═════ Material to process
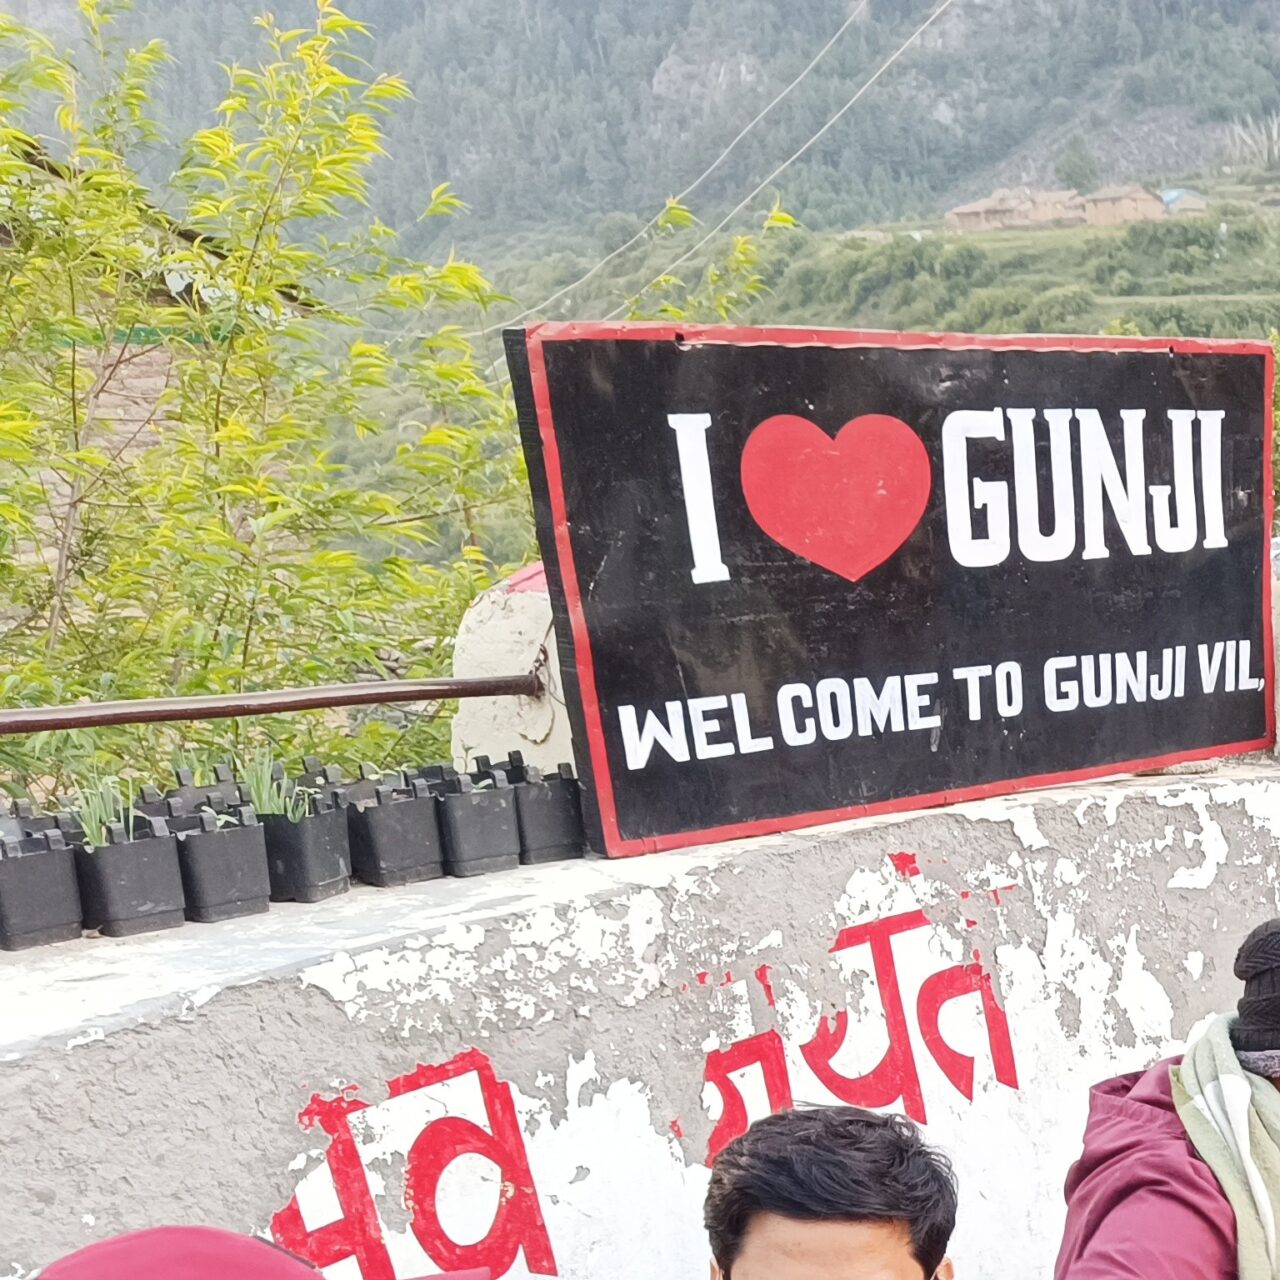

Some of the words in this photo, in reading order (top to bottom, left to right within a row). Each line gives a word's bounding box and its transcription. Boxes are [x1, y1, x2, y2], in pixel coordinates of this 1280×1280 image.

[667, 413, 731, 585] I
[941, 407, 1229, 569] GUNJI
[617, 672, 942, 770] WELCOME
[953, 661, 1023, 721] TO
[1043, 645, 1187, 732] GUNJI
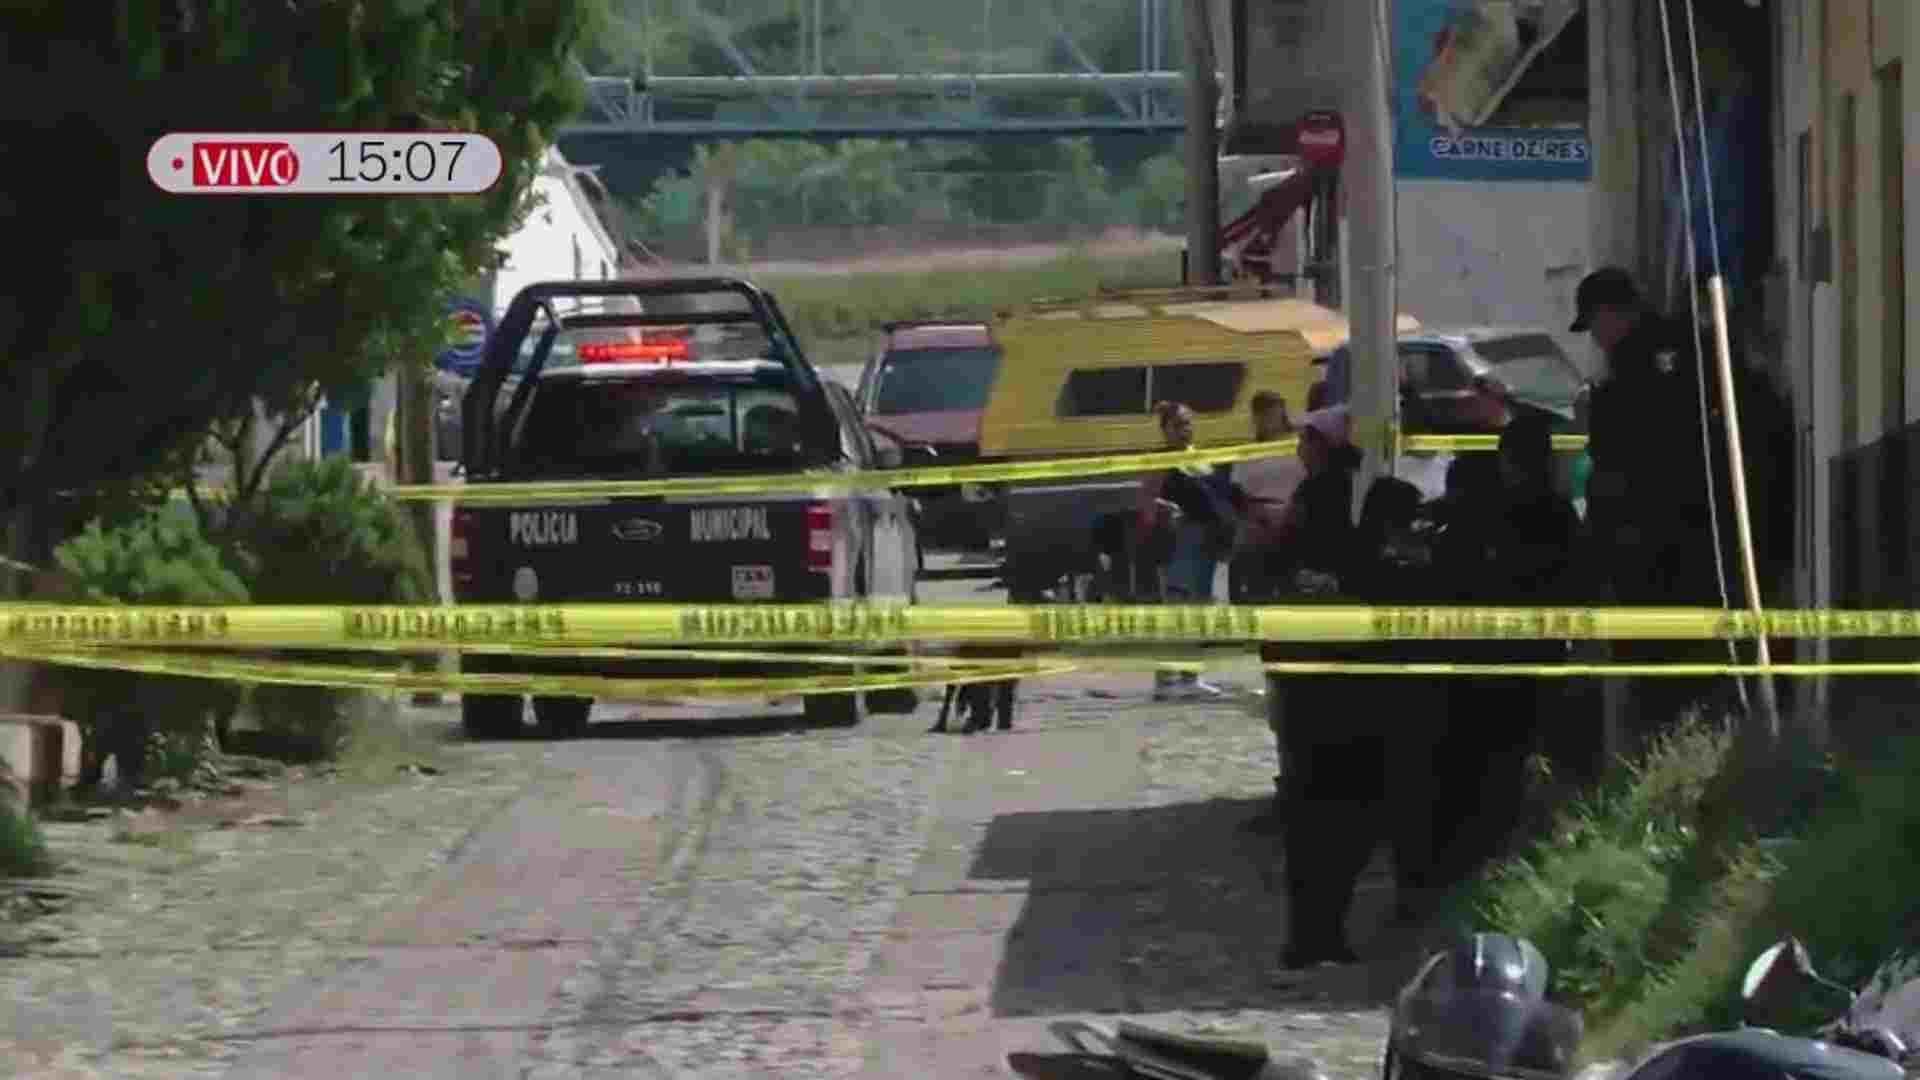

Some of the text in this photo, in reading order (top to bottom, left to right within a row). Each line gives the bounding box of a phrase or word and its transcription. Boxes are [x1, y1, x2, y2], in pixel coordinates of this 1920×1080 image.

[1431, 136, 1504, 159] CARNE
[1544, 137, 1588, 160] RES
[509, 511, 578, 545] POLICIA
[690, 506, 771, 542] MUNICIPAL
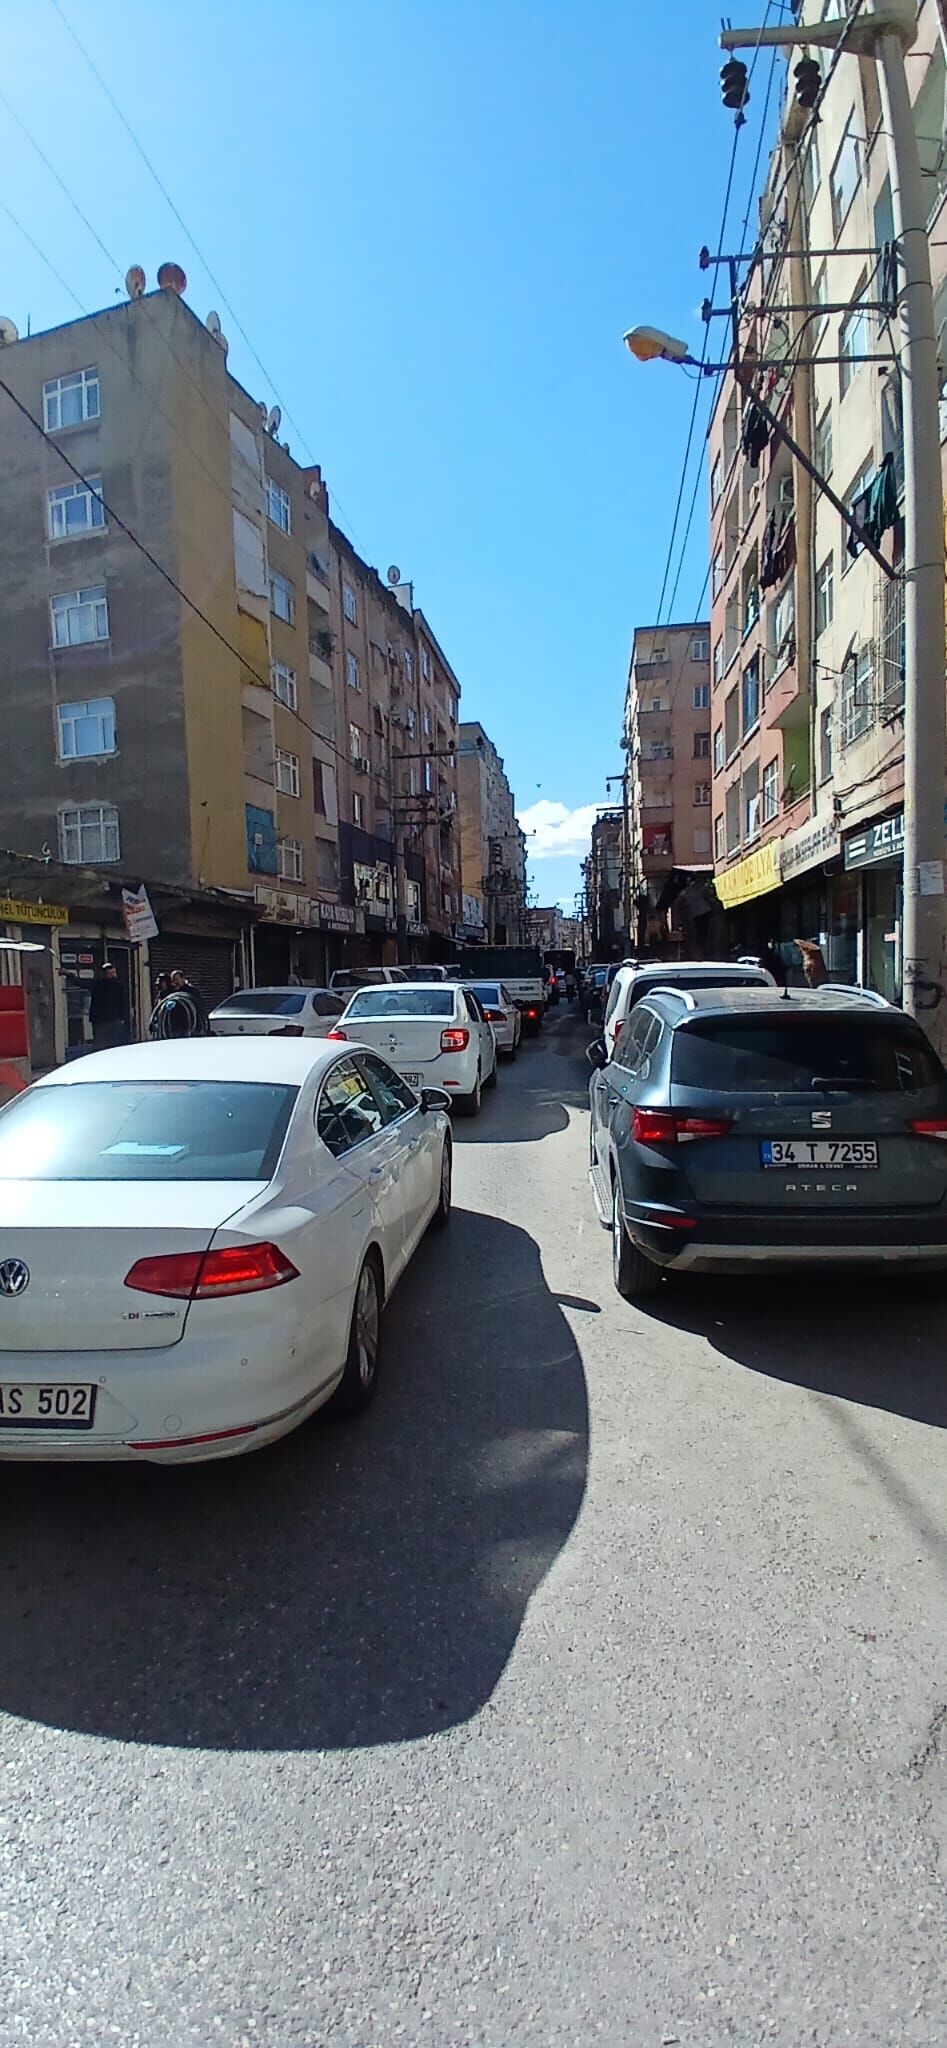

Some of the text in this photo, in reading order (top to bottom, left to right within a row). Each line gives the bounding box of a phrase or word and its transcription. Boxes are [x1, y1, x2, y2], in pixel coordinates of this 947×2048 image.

[772, 1143, 875, 1162] 34 T 7255
[38, 1389, 87, 1415] 502
══════════
Activity: All of the entries need to be retyped word for word, pictures excluded.

Result of the task:
Some of the words in this photo, in reading order (top to bottom, left to right within a row). Each line gives a word's bounding box and its transcription. Boxes are [x1, y1, x2, y2], in pixel coordinates of this 1280×1280 image.

[667, 413, 731, 585] I
[941, 407, 1229, 569] GUNJI
[617, 672, 942, 770] WELCOME
[953, 661, 1023, 721] TO
[1043, 645, 1187, 732] GUNJI

Some of the text in this photo, in reading order (top to bottom, left to right within a row). Each line gives the bounding box of a phrase or word and its transcription. Boxes are [x1, y1, x2, y2], in pixel coordinates of this 1920×1080 image.

[1431, 136, 1504, 159] CARNE
[1544, 137, 1588, 160] RES
[509, 511, 578, 545] POLICIA
[690, 506, 771, 542] MUNICIPAL

Some of the text in this photo, in reading order (top to bottom, left to right within a row). Each line gives the bounding box of a phrase or word and its transcription. Boxes are [x1, y1, x2, y2], in pixel coordinates of this 947×2048 image.

[772, 1143, 875, 1162] 34 T 7255
[38, 1389, 87, 1415] 502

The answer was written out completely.